DAS/266/2024 du 14.11.2024 sur DTAE/2636/2024 ( PAE ) , REJETE

En fait
En droit
Par ces motifs

republique et

canton de geneve

POUVOIR JUDICIAIRE

C/29795/2018-CS DAS/266/2024

DECISION

DE LA COUR DE JUSTICE

Chambre de surveillance

DU JEUDI 14 NOVEMBRE 2024

 

Recours (C/29795/2018-CS) formé en date du 5 juillet 2024 par Monsieur A______, p.a. et représenté par Me B______, avocat.

* * * * *

Décision communiquée par plis recommandés du greffier
du 19 novembre 2024 à :

- Monsieur A______
c/o Me B______, avocat.
______, ______.

- Madame C______
Monsieur D
______
SERVICE DE PROTECTION DE L'ADULTE
Route des Jeunes 1C, case postale 107, 1211 Genève 8.

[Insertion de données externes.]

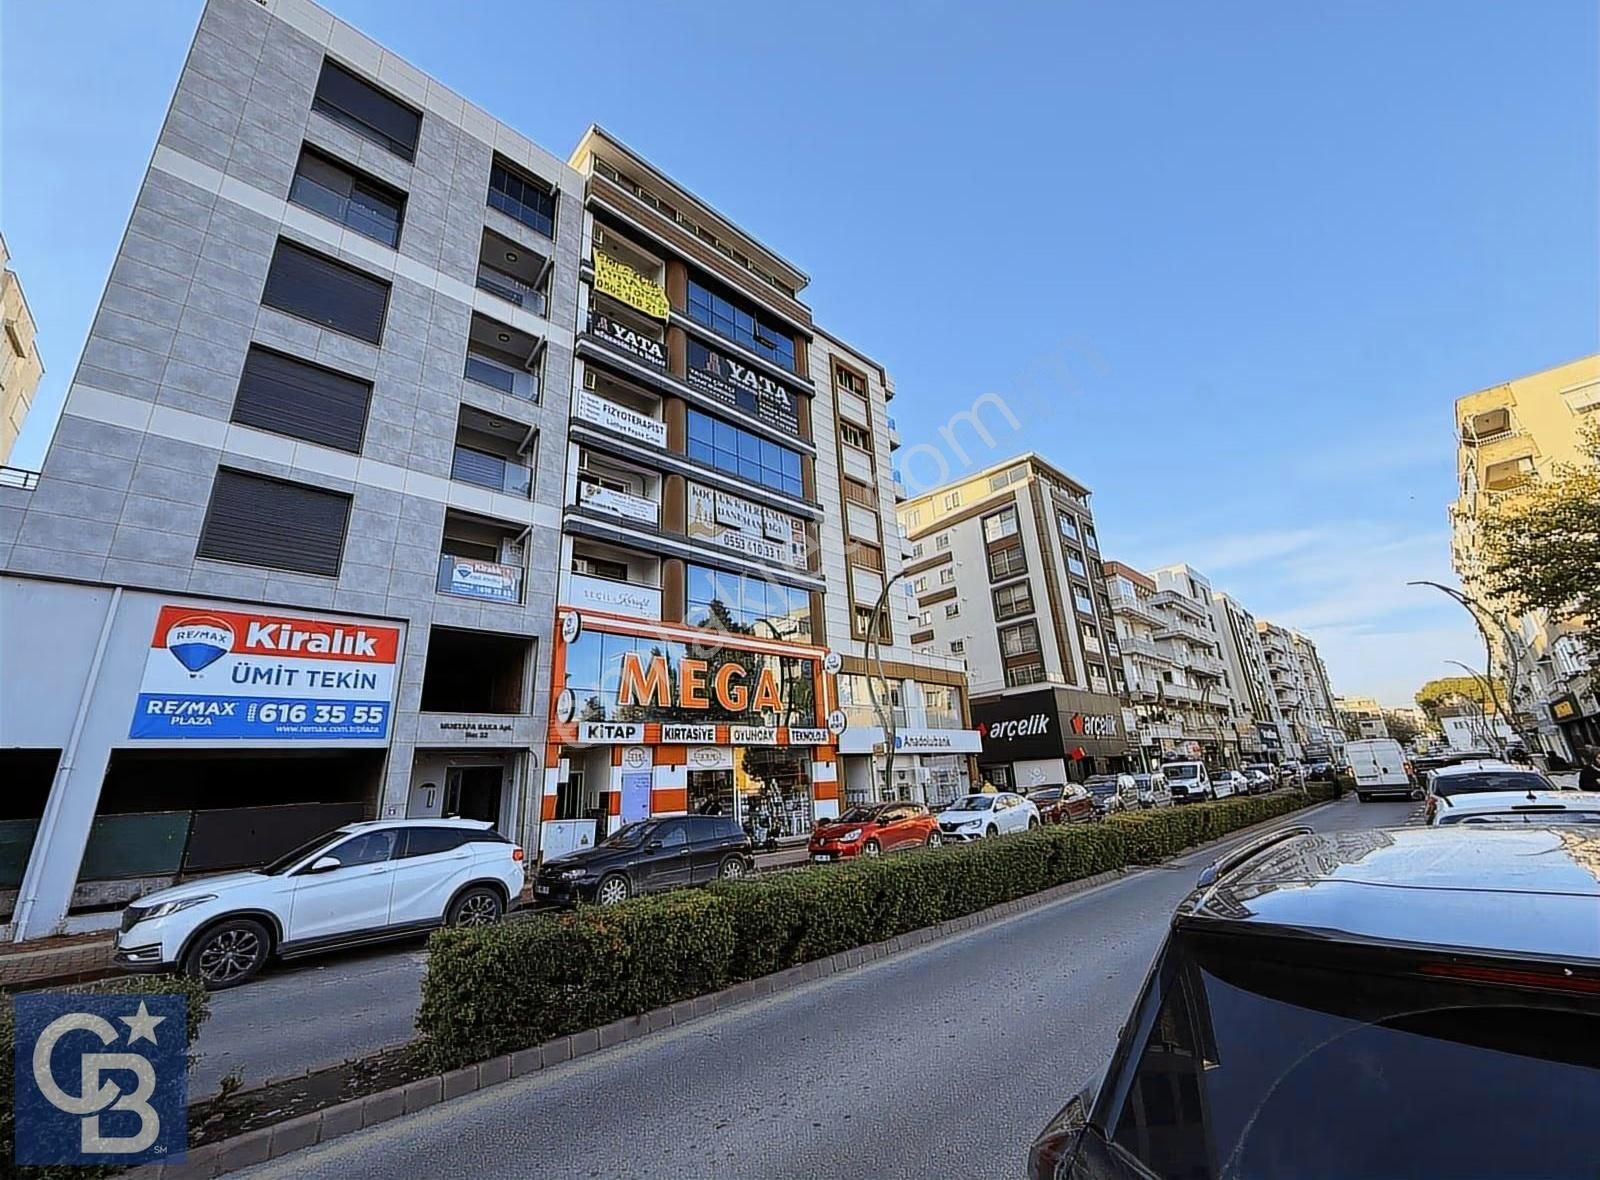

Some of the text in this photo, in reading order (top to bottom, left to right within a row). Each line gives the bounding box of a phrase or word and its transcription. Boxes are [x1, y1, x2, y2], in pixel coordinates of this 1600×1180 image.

[611, 322, 664, 359] YATA
[726, 359, 792, 406] YATA
[176, 630, 228, 643] RE/MAX
[246, 621, 377, 657] Kiralık
[231, 661, 376, 690] ÜMİT TEKİN
[616, 651, 785, 715] MEGA
[147, 700, 236, 716] RE/MAX
[170, 716, 213, 726] PLAZA
[259, 703, 307, 723] 616
[313, 705, 346, 723] 35
[352, 706, 383, 724] 55
[588, 724, 636, 739] KİTAP
[664, 726, 713, 740] KIRTASİYE
[989, 713, 1050, 742] arçelik
[1084, 713, 1118, 741] arçelik

- TRIBUNAL DE PROTECTION DE L'ADULTE
ET DE L'ENFANT
.

 


EN FAIT

A. Par décision apposée par timbre humide sur un courrier du curateur du 15 avril 2024 à lui-même, le Tribunal de protection de l’adulte et de l’enfant (ci-après: le Tribunal de protection) a autorisé, le 18 avril 2024, le curateur à liquider le mobilier de ménage et à faire radier le droit d'habitation dont A______ est titulaire sur la parcelle sur laquelle est situé son ancien logement (DTAE/2636/2024). Cette décision a été déclarée immédiatement exécutoire nonobstant recours.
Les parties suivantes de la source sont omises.